また彼とは別に、オーディオ関連のネットサイトで、アンプとスピーカー、さらにサブウーファーは何を選んだら良いのかと、質問を投げかけている人を見つけました。
この方は、初めてオーディオコンポを購入するにもかかわらず、サブウーファーも同時に求めているようです。
この二人に共通することで私が疑問に思うのは、なぜ現状でサブウーファーが必要だと思っているのかと言うこと。
鳴らし方を工夫をしても低音の不満が解消されないのなら、その時点でサブウーファーの追加を考えるべきではないかと・・・。
そんな訳で、サブウーファーなどいらないような人が、なぜそれを手に入れようとするのか、本当にそんな必要があるのか、今回迫ってみたいと思います。
サブウーファーを使って重低音を鳴らすことが良い音とは限らない
サブウーファーは、スピーカーシステムが再現しにくい重低音域、大体20Hz~120Hzあたりを再生するスピーカーです。
オーディオ機器として比較的古くからあるもので、昔は “スーパーウーファー” と呼ばれていました。
サブウーファーが特に注目されるようになったのは、5.1cHなどのホームシアターが普及し始めた頃からだろうと思います。
SF映画の効果音など超低音域を再生するのに、サブウーファーを活用すると、リアルな感覚を覚えるからですね。
ただ、映画で再生される超低音、つまり重低音が現実の音に近いかと言うと、必ずしもそうとは限りません。
視聴覚の迫力を演出するために、重低音を使って誇張しているのです。
一方、サブウーファーをホームシアターではなく、2cHピュアオーディオシステムに導入するとしましょう。

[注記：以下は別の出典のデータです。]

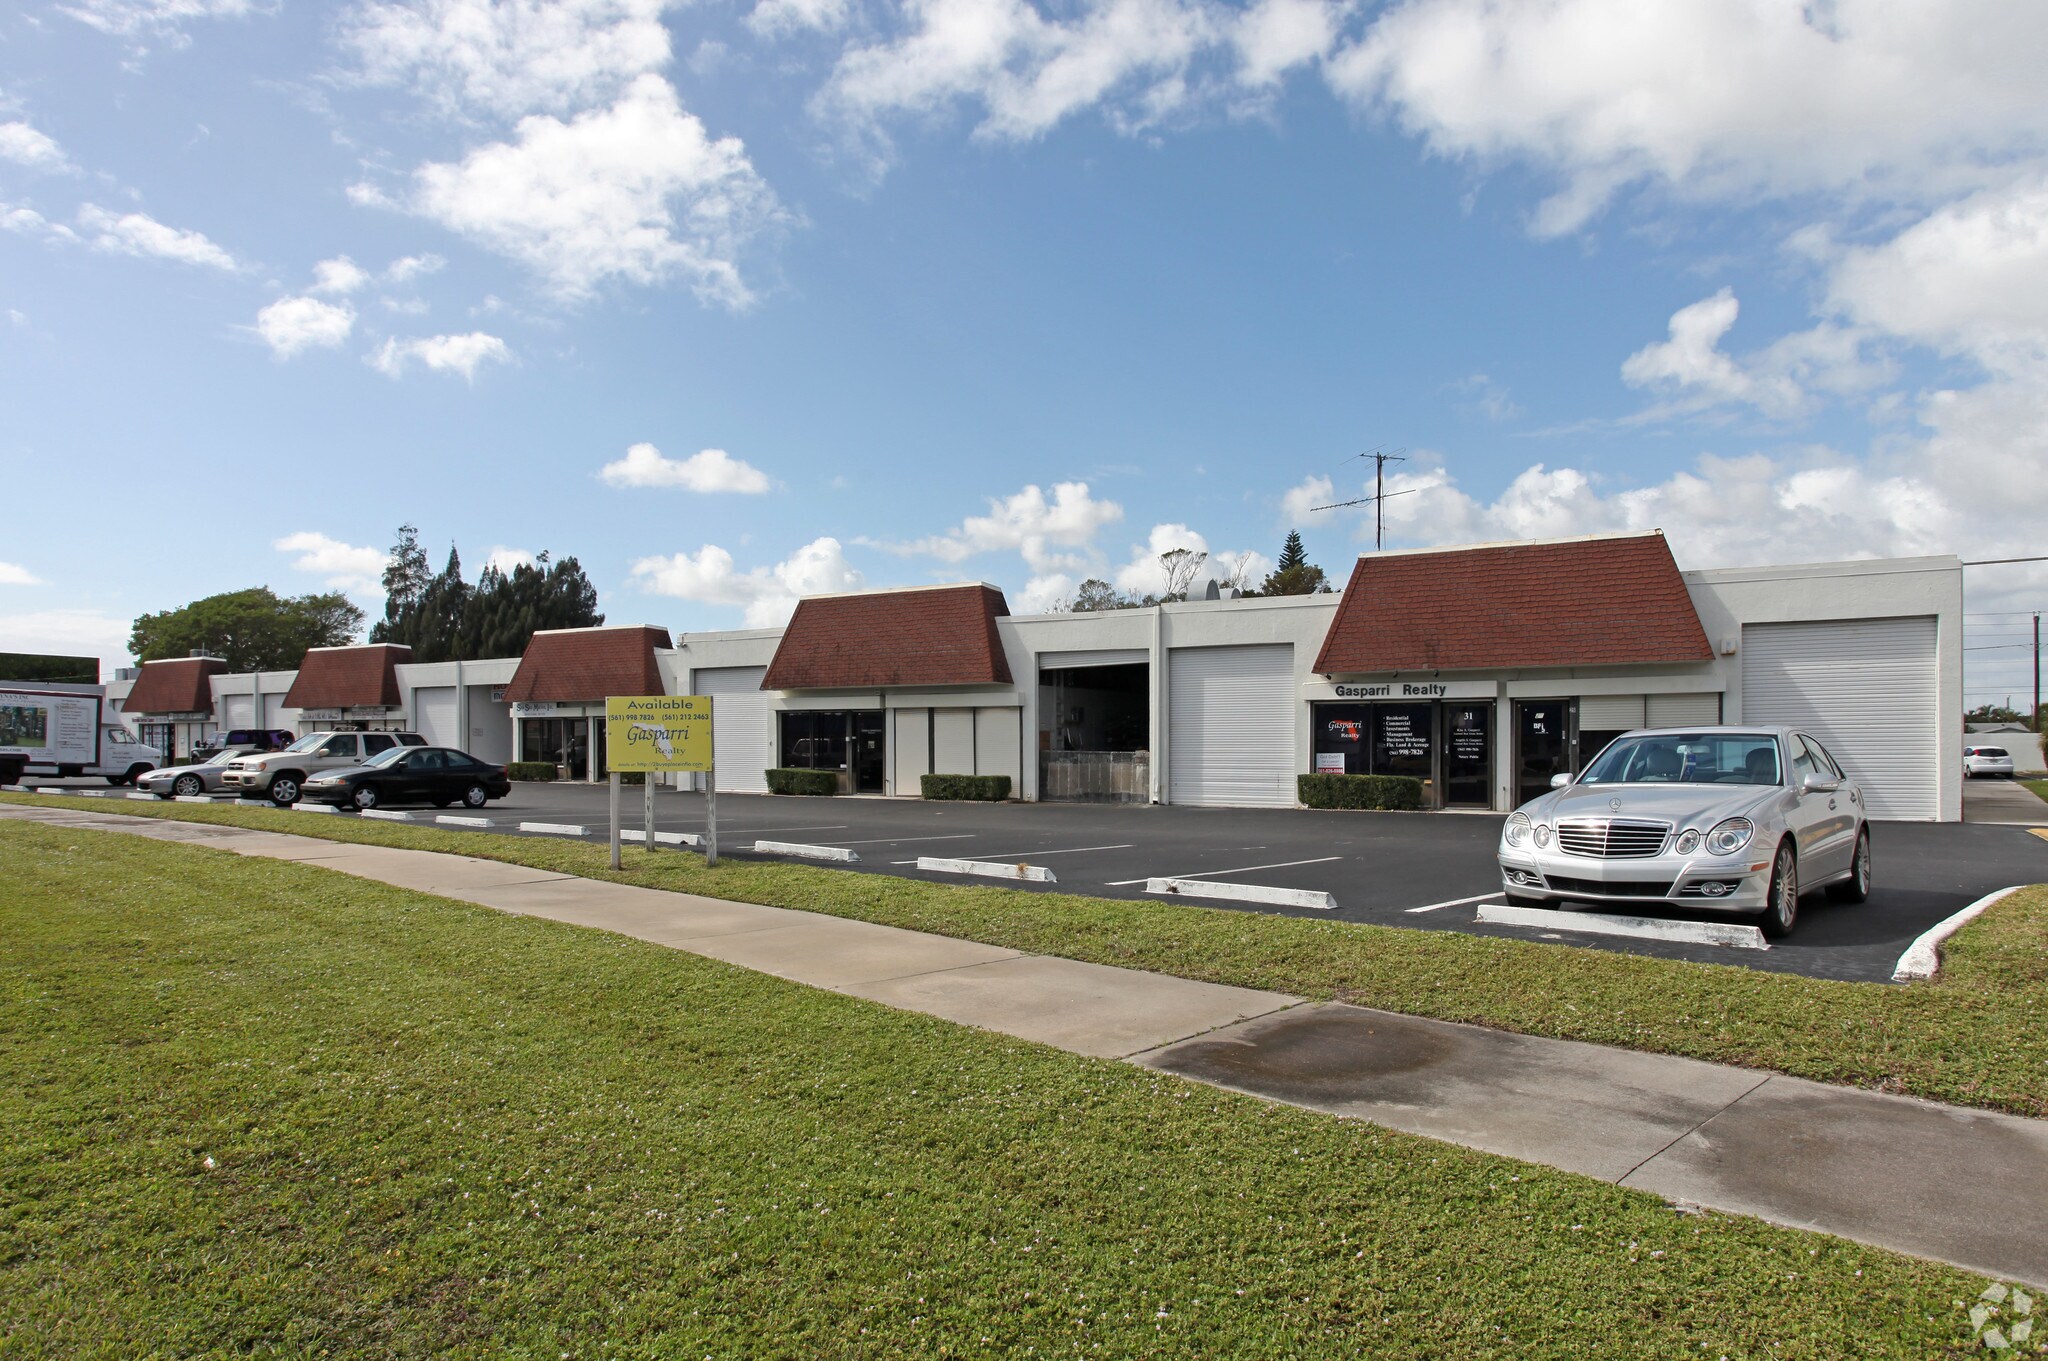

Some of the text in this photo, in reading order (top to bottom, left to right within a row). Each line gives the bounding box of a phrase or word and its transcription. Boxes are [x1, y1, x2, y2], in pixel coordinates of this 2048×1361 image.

[1335, 684, 1447, 698] Gasparri Realty
[627, 699, 693, 709] Available
[661, 714, 679, 722] (561)
[1463, 712, 1473, 720] 31
[1328, 721, 1362, 732] Gasparri
[627, 725, 690, 747] Gasparri
[655, 748, 686, 757] Realty

このシステムでサブウーファーを導入する動機は、既存のスピーカーでは重低音再生が難しい場合です。
でも前述のオーディオ仲間の方の場合、現在所有しているスピーカーで、十分な低音再生がなされていました。
少なくとも、私の耳にはそう感じられたのです。
彼自身も、特に低音不足に悩まされている訳ではないとのこと。
ところが彼の話によれば、愛用しているスピーカーは再生音域が45Hzからなので、もっと低い音域の音を聴いてみたいんだそうです。

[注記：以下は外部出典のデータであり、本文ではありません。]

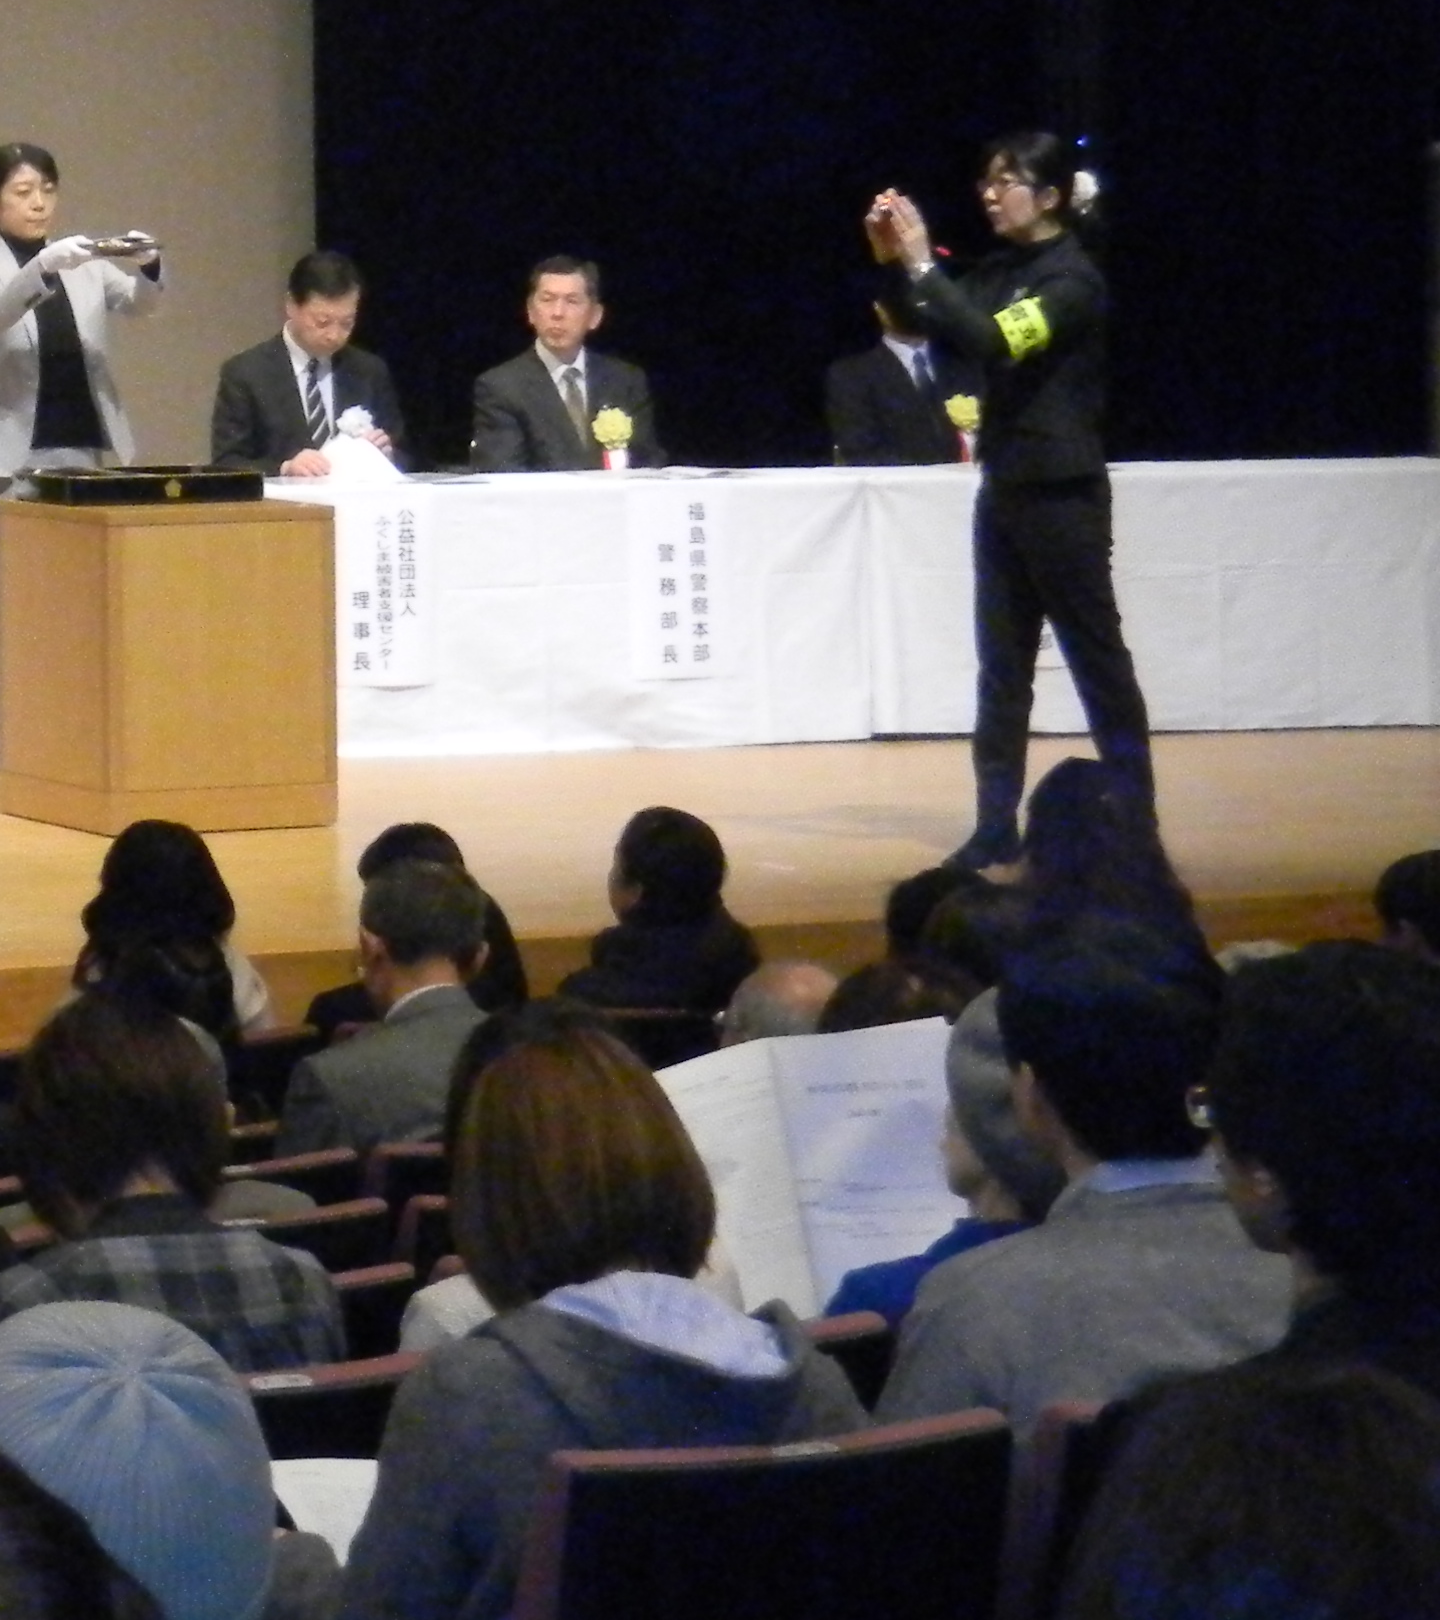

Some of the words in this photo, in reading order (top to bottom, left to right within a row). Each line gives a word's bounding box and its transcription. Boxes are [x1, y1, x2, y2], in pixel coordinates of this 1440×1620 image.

20Hzから再生できるサブウーファーを加えたら、より迫力ある音が得られるんじゃないか、と言うんですね。
確かにサブウーファーの多くは20Hzを再生できますが、もっと高い音域も出力してしまいます。
既存のスピーカーの再生音域とも被ってしまうので、下手すればダブついた再生音になってしまうでしょう。
なので私は、トーンコントロールのバスを思い切り絞る必要があるかも?とアドバイスしましたが、彼曰く、アンプのトーンコントロールは使いたくないとのこと。
私は根本的に、彼がサブウーファーを加える根拠は間違っていると思いますが、まぁオーディオは趣味の世界のことなので、ここは見守ることにしました。
果たして実際にサブウーファーを追加して、全体的にどんな音に変化するのか興味あるところです。
それからネット上で、おすすめのコンポを質問していた方の話です。
まだ、サブウーファーのない状態の音も聴いていないのに、最初から購入ありきでシステムを組むのもどうかと疑問に思います。
本来なら、どんなアンプとスピーカーの組み合わにしても、まずはサブウーファーを除外して選定をするべきですね。
オーディオの音質は機器そのものだけでなく、設置する部屋の環境にも随分影響されます。
しかし購入するスピーカーが小さくて、重低音再生に関しては不利かなと思っても、取り敢えず決めた場所へ設置してみることです。
しっかりと設置することで、期待した以上の音質が得られることもありますからね。
それで満足できるのなら、サブウーファーなど購入する必要はなくなるでしょう。
もし設置をちゃんと行ったのに、思うような低音再生ができないのなら、その時こそ購入を考えれば良いのです。
サブウーファーは食品に例えたら、調味料みたいなものですからね。
塩気が足りないから、もっと足す感覚で追加するのが良いと思います。
そもそもサブウーファーを標準装備したミニコンポはない
あなたがお持ちのコンポのスピーカーを、正しく設置しても低音再生に不足を感じるなら、それを補うためにサブウーファーをを加えるのは有効です。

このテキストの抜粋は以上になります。